Task requirements:
When a record contains an image, skip the image and retype the rest of that record exactly.

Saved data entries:
☆ ☆ ☆ ☆ ☆
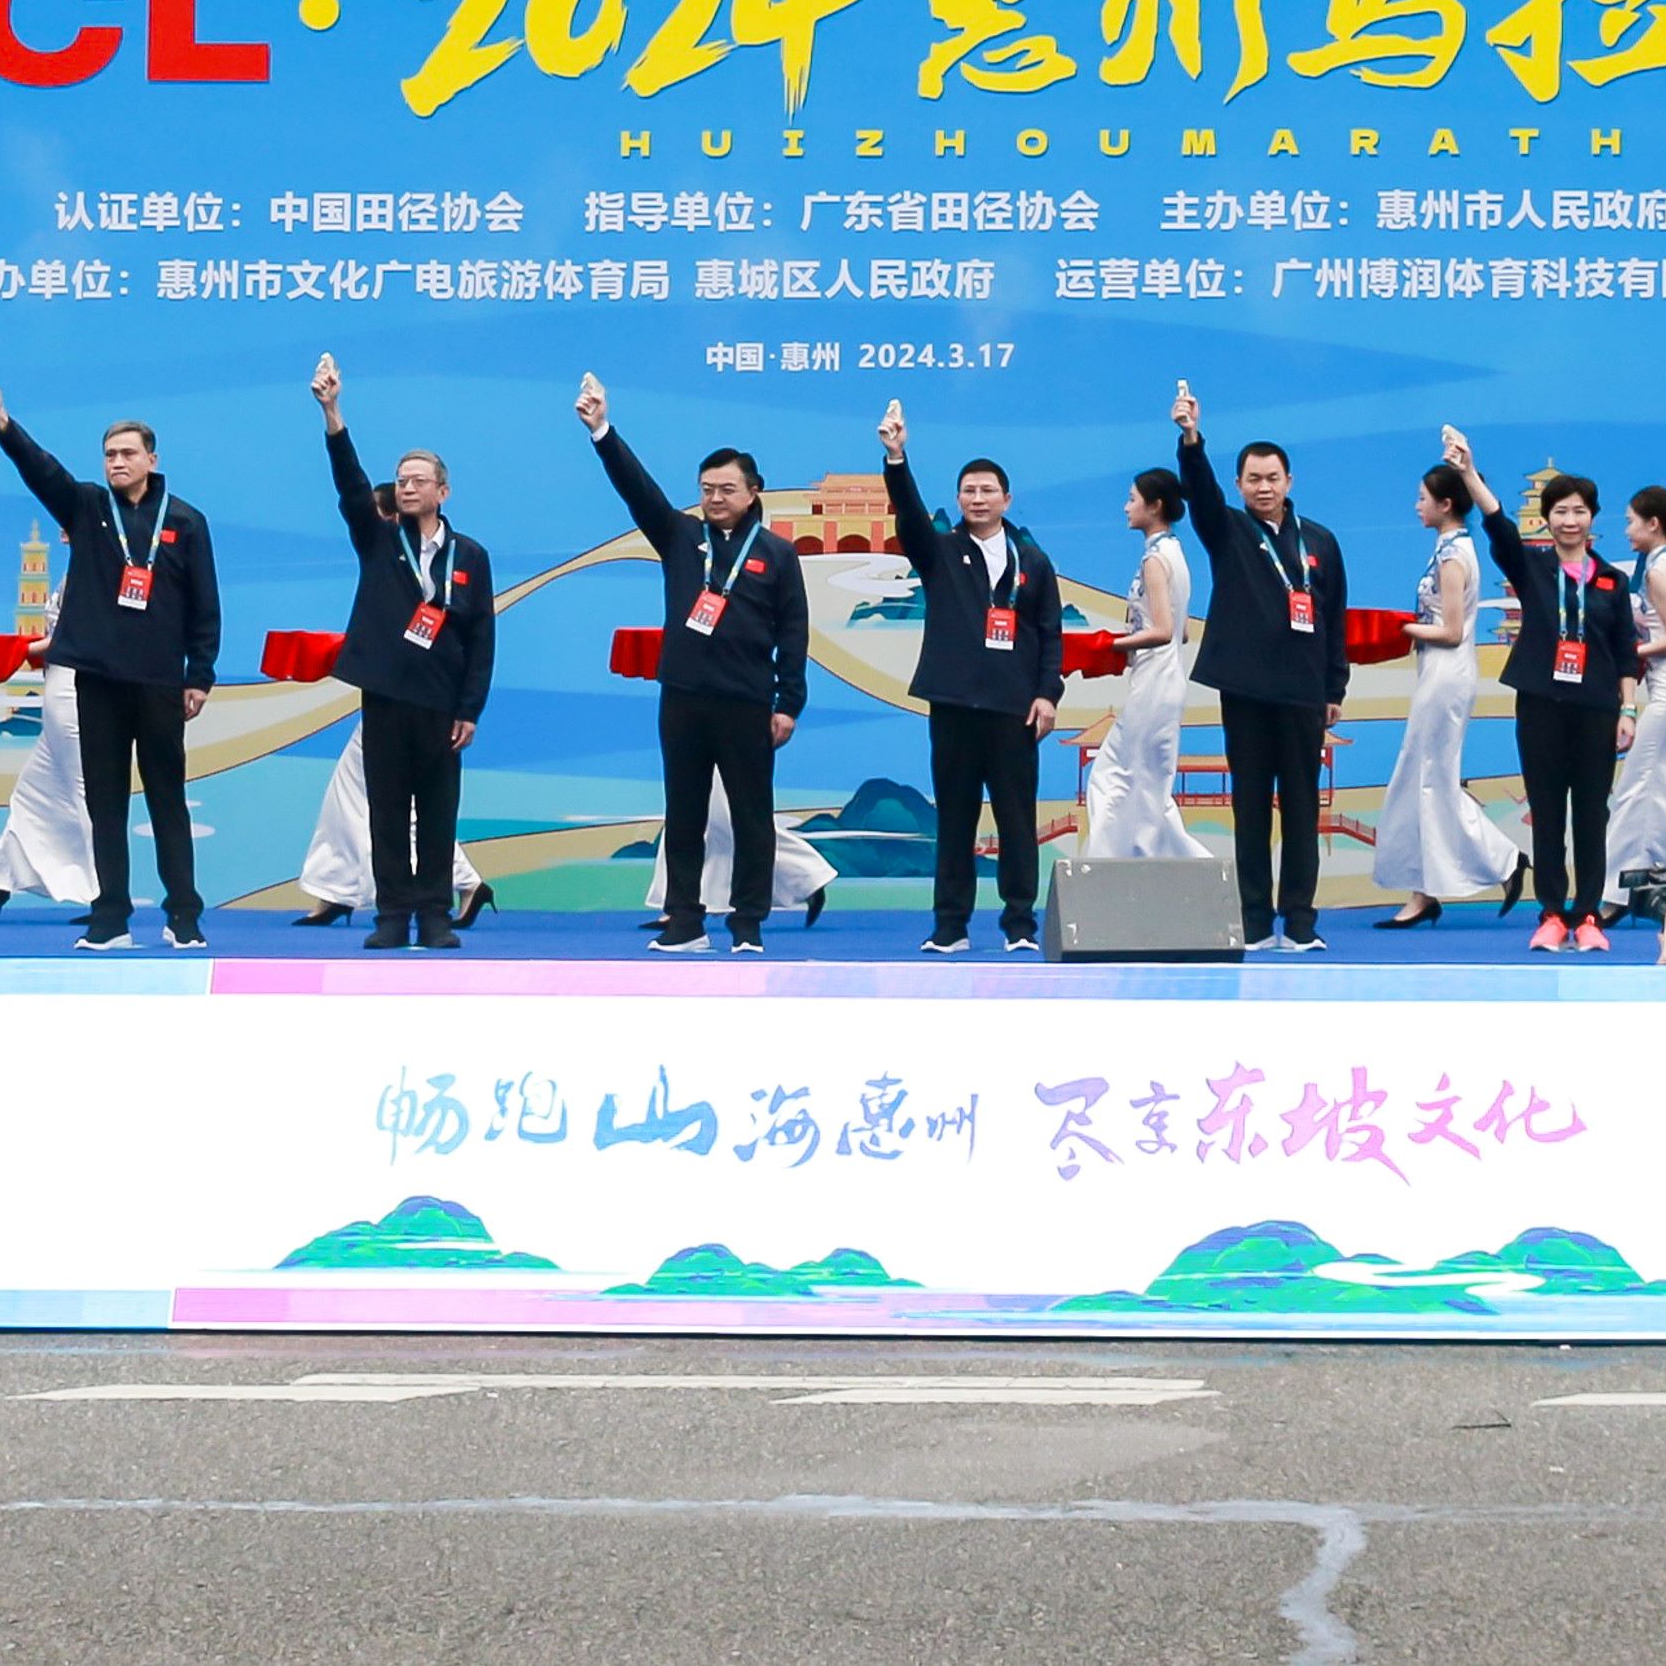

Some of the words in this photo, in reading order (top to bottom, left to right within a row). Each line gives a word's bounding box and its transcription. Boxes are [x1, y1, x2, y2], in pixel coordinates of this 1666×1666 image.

[694, 260, 995, 302] 惠城区人民政府
[705, 342, 841, 373] 中国·惠州
[858, 343, 1015, 370] 2024.3.17
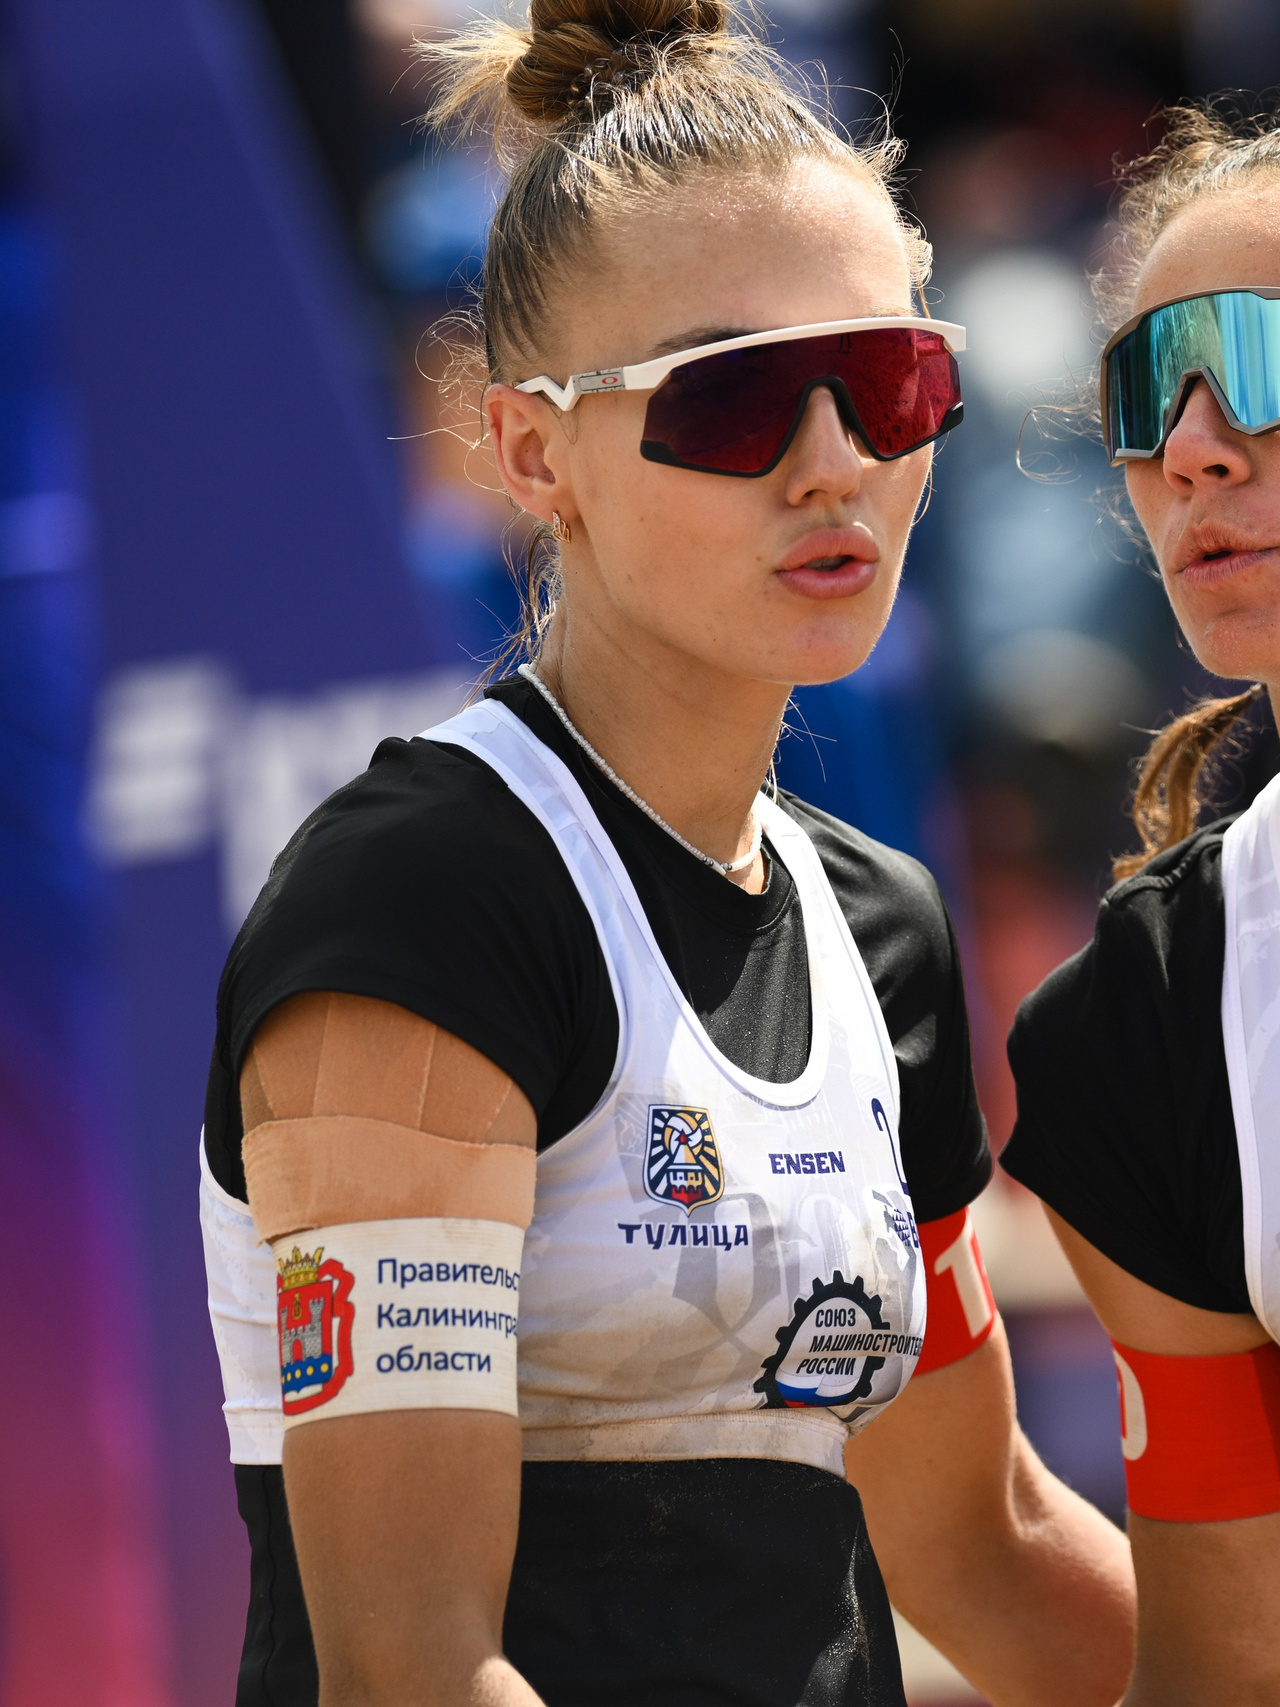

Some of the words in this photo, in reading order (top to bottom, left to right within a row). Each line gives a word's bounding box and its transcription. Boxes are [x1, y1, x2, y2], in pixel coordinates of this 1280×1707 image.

[768, 1151, 846, 1175] ENSEN
[617, 1222, 749, 1251] ТУЛИЦА
[815, 1308, 857, 1328] СОЮЗ
[376, 1344, 492, 1374] области
[796, 1357, 857, 1376] РОССИИ
☆ ☆ ☆ ☆ ☆
Solution to this exercise:
Some of the words in this photo, in reading order (top to bottom, left to right within a row). Each line gives a word's bounding box and its transcription. Boxes are [x1, y1, x2, y2], in pixel coordinates of this 1666×1666 image.

[694, 260, 995, 302] 惠城区人民政府
[705, 342, 841, 373] 中国·惠州
[858, 343, 1015, 370] 2024.3.17

Some of the words in this photo, in reading order (top to bottom, left to right within a row). Each line gives a word's bounding box and its transcription. Boxes are [x1, y1, x2, y2], in pixel coordinates of this 1280×1707 image.

[768, 1151, 846, 1175] ENSEN
[617, 1222, 749, 1251] ТУЛИЦА
[815, 1308, 857, 1328] СОЮЗ
[376, 1344, 492, 1374] области
[796, 1357, 857, 1376] РОССИИ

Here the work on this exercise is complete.